Among his postings as a foreign correspondent, Mr. Clines reported from Moscow as the Soviet Union was falling apart. In addition to a string of Page One articles chronicling the news, he found a perfect metaphor for the crumbling superpower in its airline.

March 22, 1991

MOSCOW — Carry-on luggage has been safely stored, including a cage of twittering birds, a chunk of metal that resembles a giant gleaming cog from one of Stalin’s dynamos, bags of pungent home cooking, crockery, bootleg vodka, portable air mattresses for the three-day wait in the airport lounge, a circus performer’s trampoline — all the comforts of the lumpen jet set aboard Aeroflot.

This is Soviet Communism’s airline and the world’s largest, and a swooping, wheezing metaphor for the bedraggled state of Soviet life.

If economic competition is ever to be truly attempted here, Aeroflot will have to be severed into rival parts like some mythic creature, and its much abused passengers can only hope to witness its writhings.

By this midflight, a single cup of water has been doled out to each passenger, the sum of amenities from cabin attendants radiating the imperious frown and spirit of truculence that is the hallmark of Aeroflot.

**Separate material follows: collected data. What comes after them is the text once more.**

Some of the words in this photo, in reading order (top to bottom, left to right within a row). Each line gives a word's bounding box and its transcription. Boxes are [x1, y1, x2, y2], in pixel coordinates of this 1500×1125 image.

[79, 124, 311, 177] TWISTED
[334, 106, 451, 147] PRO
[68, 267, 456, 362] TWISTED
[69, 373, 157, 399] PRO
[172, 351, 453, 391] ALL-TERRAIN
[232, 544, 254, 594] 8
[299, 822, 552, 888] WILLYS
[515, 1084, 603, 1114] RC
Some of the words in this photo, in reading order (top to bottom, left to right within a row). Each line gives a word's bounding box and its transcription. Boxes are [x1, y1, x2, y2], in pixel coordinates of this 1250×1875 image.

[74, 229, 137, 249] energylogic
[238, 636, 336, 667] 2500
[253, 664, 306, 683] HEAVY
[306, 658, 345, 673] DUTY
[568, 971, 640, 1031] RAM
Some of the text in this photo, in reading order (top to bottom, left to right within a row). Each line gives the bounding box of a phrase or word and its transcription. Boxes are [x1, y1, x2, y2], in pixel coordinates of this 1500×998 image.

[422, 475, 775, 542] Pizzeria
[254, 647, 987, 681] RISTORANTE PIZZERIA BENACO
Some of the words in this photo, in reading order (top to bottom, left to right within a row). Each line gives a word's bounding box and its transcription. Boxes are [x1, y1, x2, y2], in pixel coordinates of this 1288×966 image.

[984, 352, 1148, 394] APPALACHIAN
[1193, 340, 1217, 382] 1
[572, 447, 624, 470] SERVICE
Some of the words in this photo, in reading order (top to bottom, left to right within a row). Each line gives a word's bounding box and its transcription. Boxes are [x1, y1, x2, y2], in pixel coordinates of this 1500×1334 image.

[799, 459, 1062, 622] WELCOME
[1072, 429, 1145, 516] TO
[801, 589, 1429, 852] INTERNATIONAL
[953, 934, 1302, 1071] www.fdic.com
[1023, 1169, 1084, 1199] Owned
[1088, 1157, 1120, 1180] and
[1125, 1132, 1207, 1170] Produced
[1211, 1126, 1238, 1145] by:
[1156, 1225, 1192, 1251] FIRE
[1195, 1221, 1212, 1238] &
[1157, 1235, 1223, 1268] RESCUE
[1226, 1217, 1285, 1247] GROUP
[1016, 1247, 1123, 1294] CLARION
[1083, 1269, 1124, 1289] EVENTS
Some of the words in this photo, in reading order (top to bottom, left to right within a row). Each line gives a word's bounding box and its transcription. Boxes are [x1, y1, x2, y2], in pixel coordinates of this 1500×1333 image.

Most comrades sprawl shoeless, many dozing open-mouthed in the permanent state of steerage that is Soviet air travel. The sleeping people resemble exhausted galley oarsmen. They are a collective droop wrapped in a trajectory trapped in a monolith, a lolling smudge of beards and fur hats, seat belts dangling in oblivion as so many were at takeoff.


Covering the Carter-Reagan campaign for president in 1980, Mr. Clines took readers behind the scenes for a tartly observed slice of campaign life.

Oct. 21, 1980

CHICAGO, Oct. 17 — “Honey, we’re late,” Nancy Reagan called from what in truth has become the Reagan hearth, the top step of the movable stairs at the door to their waiting campaign jetliner, optimistically dubbed Leadership 80.

But Ronald Reagan was still busy at the office — down on the tarmac at LaGuardia Airport in New York, where he fed a final knock or two on Jimmy Carter to a squinting, listening crush of news reporters.

He finally turned back to Nancy, who waited with a mock-scold smile of “Oh those politicians.” And the Republican candidate for president bounded up the steps, smiling at his wife with the perfect sit-com timing that all the presidential couples, Jimmy and Rosalynn, John and Keke, display across America.

News reporters were astir and skipped this curtain scene. One mellifluous man darted ahead from the pack, back to his seat on the second jet, the Reagan media “zoo” plane, and there revved himself up over the engines to tell of an unusually exciting development.

“Hello, hello,” the mellifluous man said into the plane’s microphone connection to his action-news-eyewitness-alive anchor desk. “Here we go,” he said, cocking his baritone like a revolver. “And three, two, one: ‘Ronald Reagan today agreed to a one-on-one debate with President Carter…’”

Thus did hope return that the campaign might prove to be something more than isolated jet caravans wending their way separately across America onto each evening’s TV news screens.


In 1993, the Bronx Zoo changed its name. In Mr. Clines’s hands, it was a front-page story, with a soupçon of bemused irony lurking just beneath the Timesian surface.

Feb. 4, 1993

The New York Zoological Society, deciding the word “zoo” had become an urban pejorative with a limited horizon, announced yesterday that it was dropping the word from the Bronx Zoo, the Central Park Zoo, the Queens Zoo and the Prospect Park Zoo.

They are to be called Wildlife Conservation Parks beginning Monday, said William Conway, president of the society, who concedes he risks greatly bestirring much of the urban menagerie beyond the 10,000 creatures of the, uh, zoos. But he says he must do something about the little word.

“I’ve been here 37 years and it’s like changing my father’s name,” he said. “But it’s about time.”

After arguing over the idea of casting aside “zoo” for the last two years, the society’s directors finally agreed with Mr. Conway that the time had come to make the serious point to the city and the world that the society runs much more than zoos, with 158 conservation and research projects flourishing worldwide.

“It goes far beyond what you see at the zoo,” said Mr. Conway, unable himself to drop the word during an interview.

“It’s short and snappy — zoo — and we know we created a problem,” he said. “But in The American Heritage Dictionary the word ‘zoo’ has a secondary meaning of a situation or place marked by ‘rampant confusion or disorder.’ We are not confused or disordered. And it’s really too late for the simple idea of conventional zoos. We need a sea change.”

The 98-year-old society is so set on its course that it does not even want to see the word in its own title and is officially changing its name to NYZS/The Wildlife Conservation Society.